«Еврейское население Одессы обладало собственным характером, не похожим на характер евреев из других мест в России. Самым заметным отличием было ослабление традиционной еврейской жизни, бытующей в еврейских местечках. <…> Многие годы, еще до революции, говаривали ортодоксальные евреи: „За 70 верст от Одессы пылает геенна огненная“. <…> Разумеется, и в Одессе было много ортодоксальных евреев, но они не выделялись, и их влияние на общину было ничтожным. Еще один фактор, отличающий еврейскую общину — язык идиш, он не был распространен в Одессе. Для большей части еврейского населения разговорным был русский язык <…>».

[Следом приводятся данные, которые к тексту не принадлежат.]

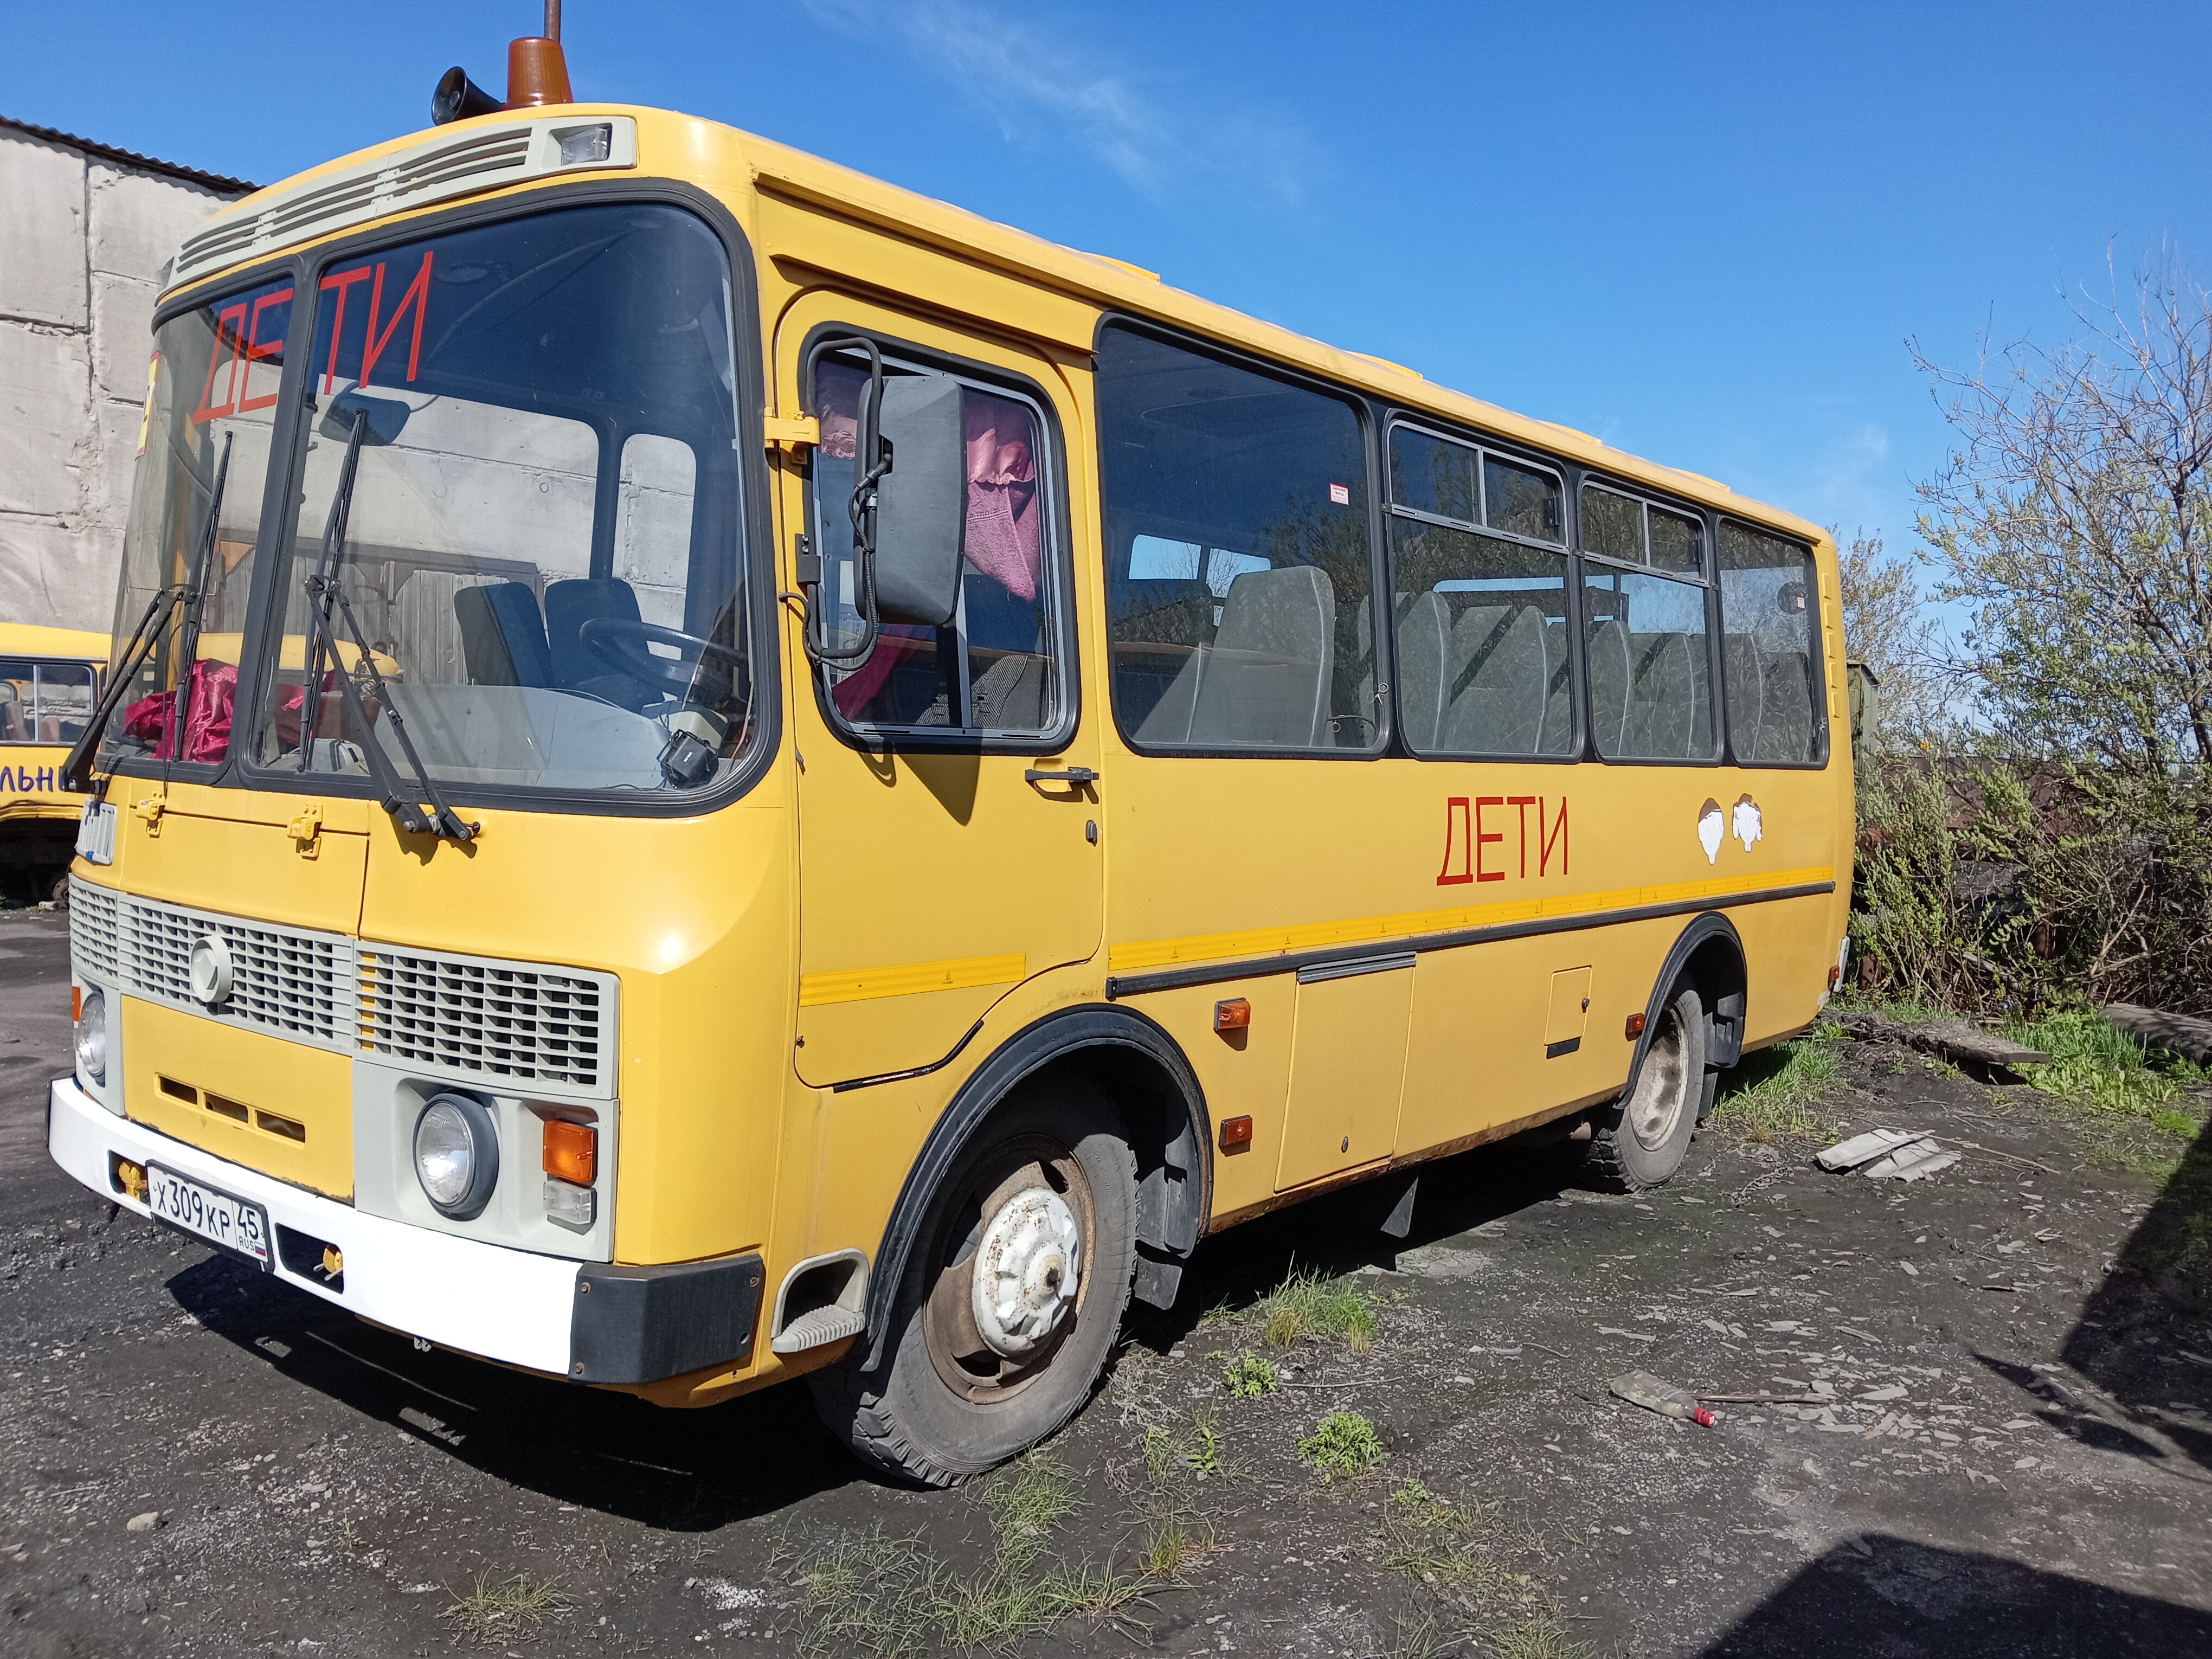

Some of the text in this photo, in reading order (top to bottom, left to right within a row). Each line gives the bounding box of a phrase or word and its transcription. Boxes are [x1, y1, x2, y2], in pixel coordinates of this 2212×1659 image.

Ассимиляция — значительная составная одесской литературной традиции. Она ярко проявилась в творчестве Семена Юшкевича, а затем — Бабеля и Славина. Хотя само понятие ассимиляции обычно распространяют на еврейство, она коснулась и поляка Олеши. В то время, как его семья репатриировалась, он остался в России. Эти авторы были крещены русской литературой. <…> У оставшихся в Союзе авторов-евреев за культурной ассимиляцией последовала идеологическая. За ней не обязательно стоял циничный прагматитизм или страх. Новое искусство всегда революционно, всегда в оппозиции к своим предшественникам [ЯРМОЛИНЕЦ].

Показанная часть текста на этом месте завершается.